Authors: Richard Russo
Anxious as he’d been to go, my father now seemed reluctant to leave me alone in the store, even briefly. “I warned your mother something like this would happen,” he said, putting Nancy’s tab back under the cash drawer. There was no bitterness to the observation, though, not like there always was when my mother said her I-told-you-so’s.
After my father finally went across the street, a truck driven by one of the brothers pulled up in front. Jerzy Quinn was with him. They went upstairs and returned a few minutes later with Karen, Buddy Nurt following at a respectful distance. There was no sign of Nancy. With the door closed I couldn’t hear exactly what was being said, but Buddy seemed to be arguing that Karen didn’t have to run off on his account. She was lugging an old cardboard suitcase, and when she tried shoving it behind the pickup’s seat, the clasp sprang open, spilling clothes into the gutter. Only then did she begin to cry. When Buddy came over to help, she screamed at him to keep away. I couldn’t tell if Jerzy and the brother felt the same admonition applied to them, or whether they just weren’t sure she wanted them touching her underthings, but at any rate they just stood there watching her cram things back into the suitcase. When she was finished, of course, it wouldn’t close, and she had to hold it shut as best she could on her lap. I hoped that maybe she’d remember I was there and look over at me, but she stared straight ahead as her uncle and boyfriend climbed in on either side of her. Buddy waved as the truck pulled away, though nobody waved back.
I actually felt kind of sorry for him, standing there alone at the curb, knowing, as he surely must’ve, that his mere appearance was enough to make people scatter. But then he turned toward Ikey Lubin’s, and the expression on his face scared me. It wasn’t anything like he’d looked when he was trying to borrow his cab fare. This face was sneaky and mean, and looking right at me. For a moment the irrational thought entered my mind that for some reason Buddy Nurt blamed me for what had just happened.

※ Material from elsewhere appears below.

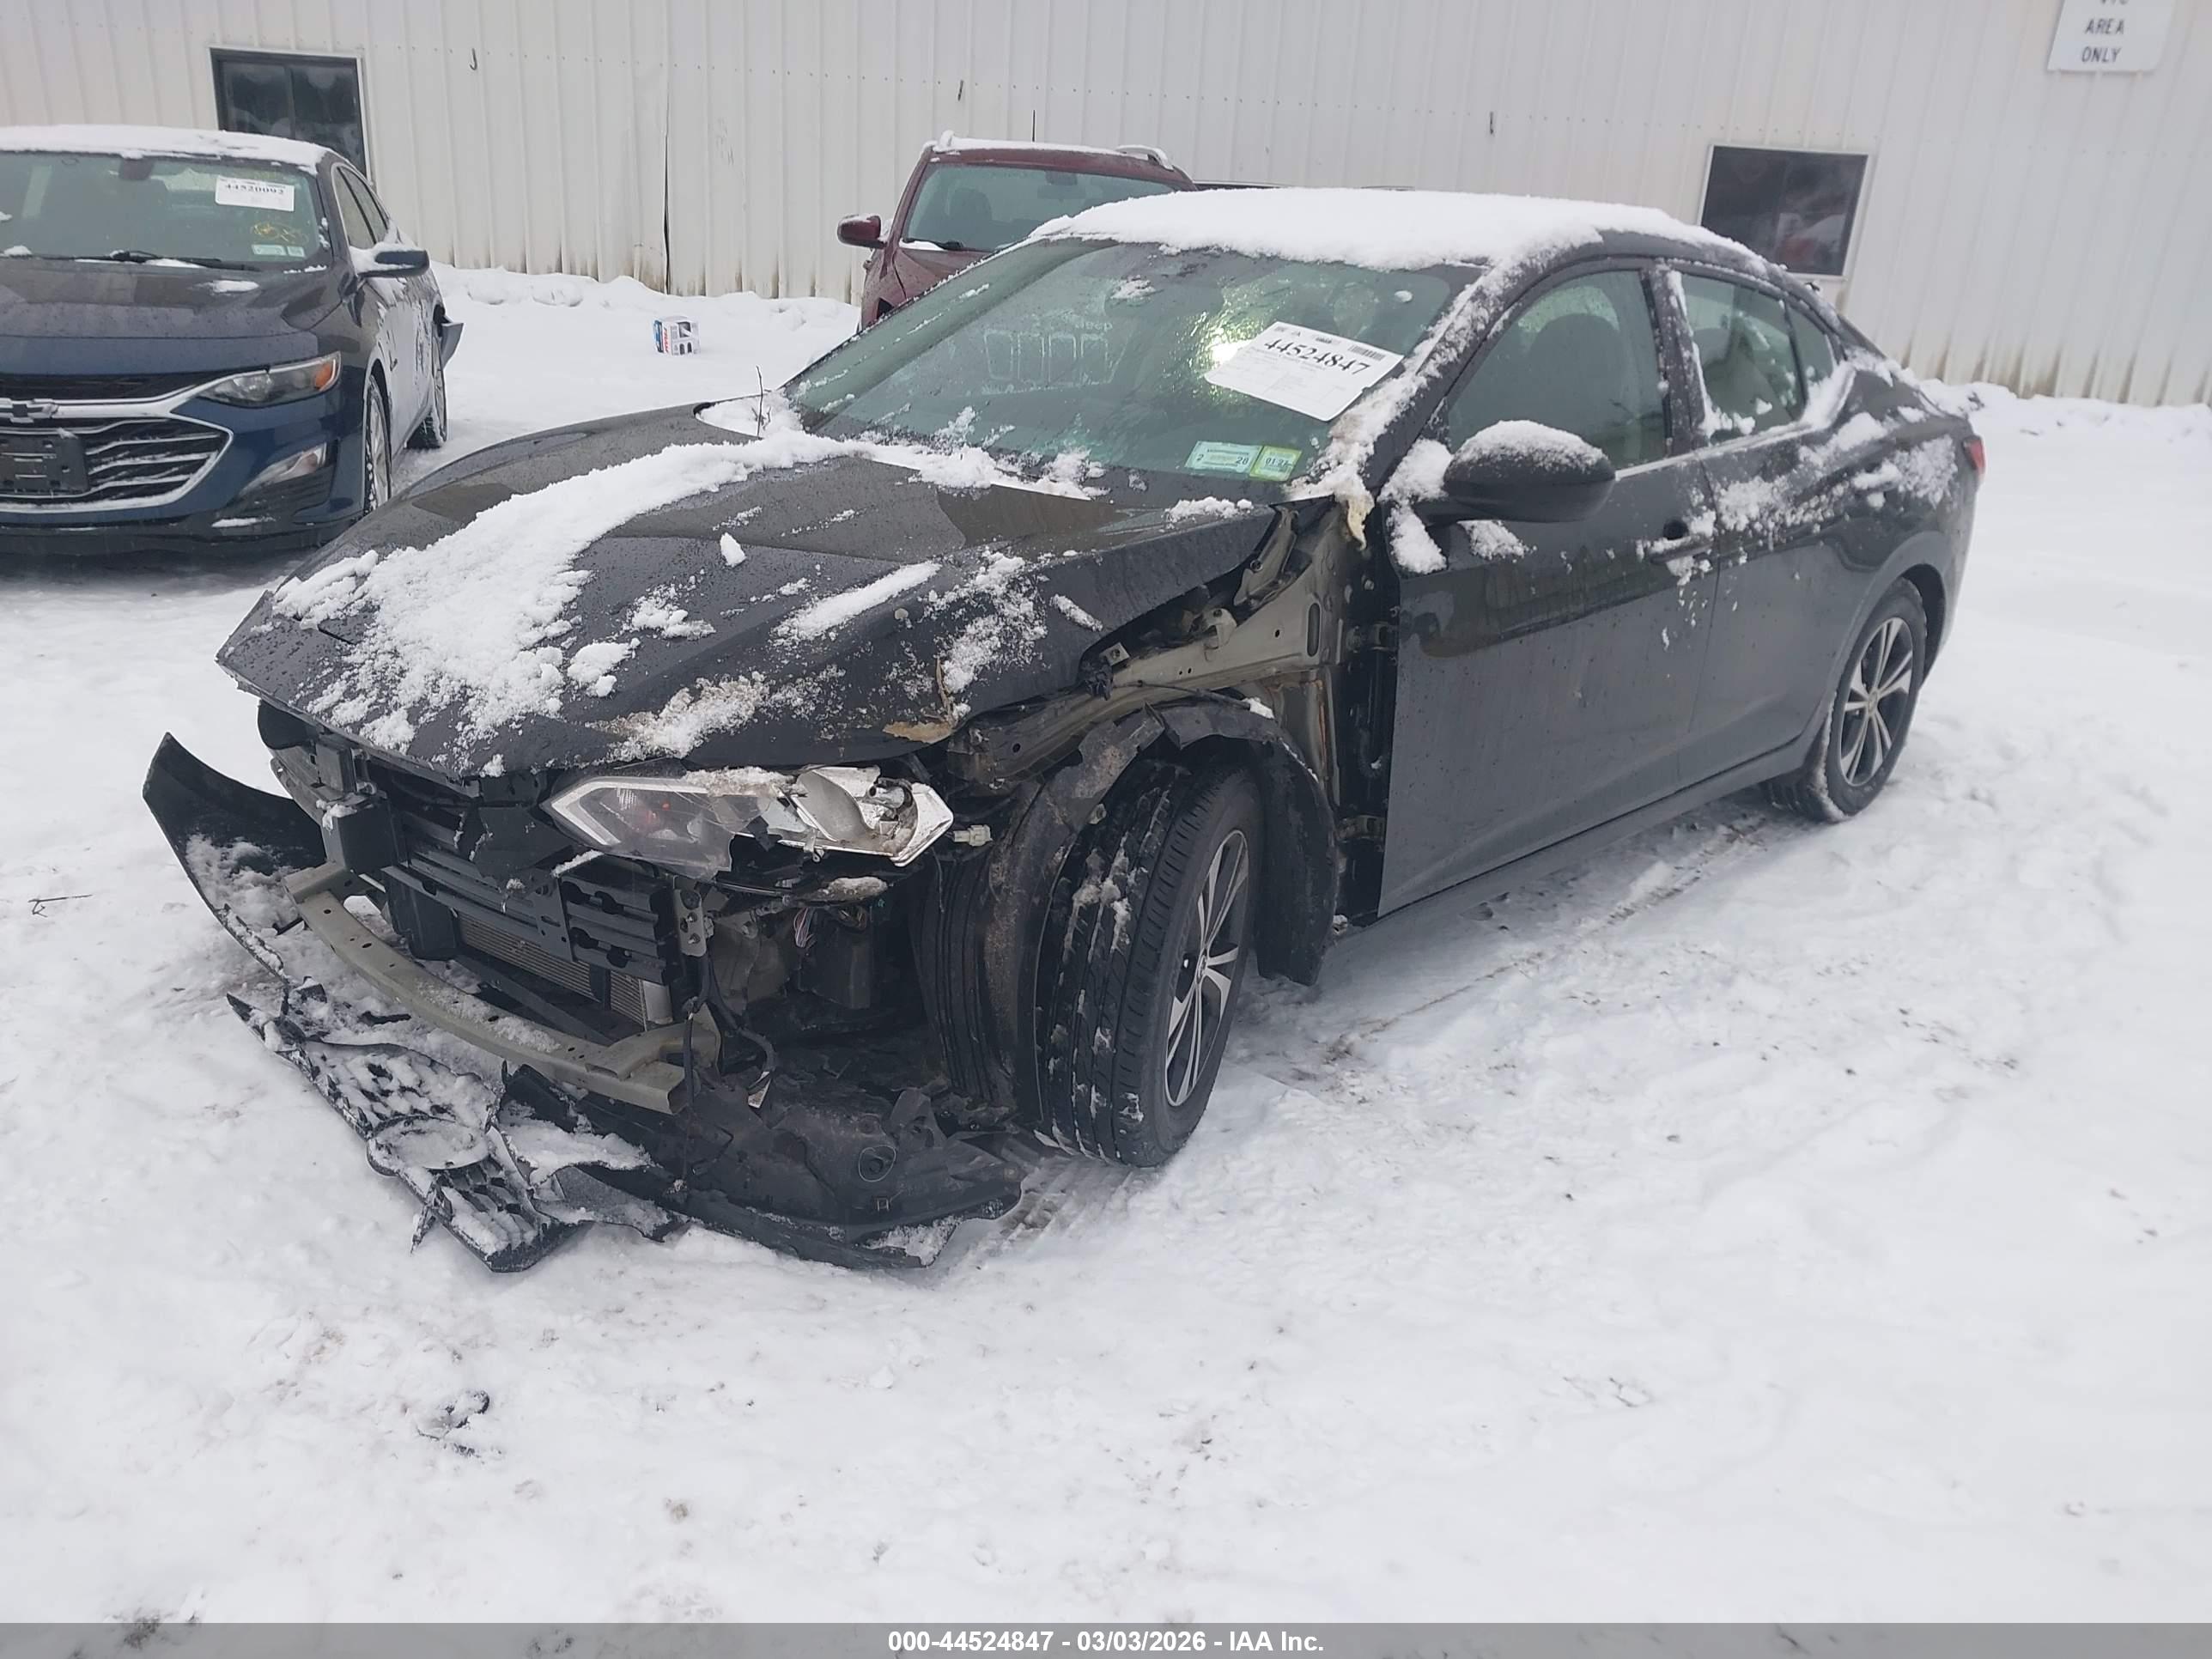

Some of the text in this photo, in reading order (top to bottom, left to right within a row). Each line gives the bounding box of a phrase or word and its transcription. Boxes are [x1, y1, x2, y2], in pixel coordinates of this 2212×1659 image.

[2085, 18, 2124, 34] AREA
[2081, 46, 2121, 63] ONLY
[1264, 338, 1371, 375] 44524847

When he was gone, though, I went outside where he’d been standing, because by then it had occurred to me that he probably hadn’t been looking at me at all. In the early evening it was still bright enough outside for the windows to reflect light. Was it possible that the cold, contemptuous and frightening expression was the one that greeted him every day in the mirror? This was somehow even scarier than thinking it was me he’d been mad at. My own face, I couldn’t help noticing, had unconsciously mimicked Buddy’s expression.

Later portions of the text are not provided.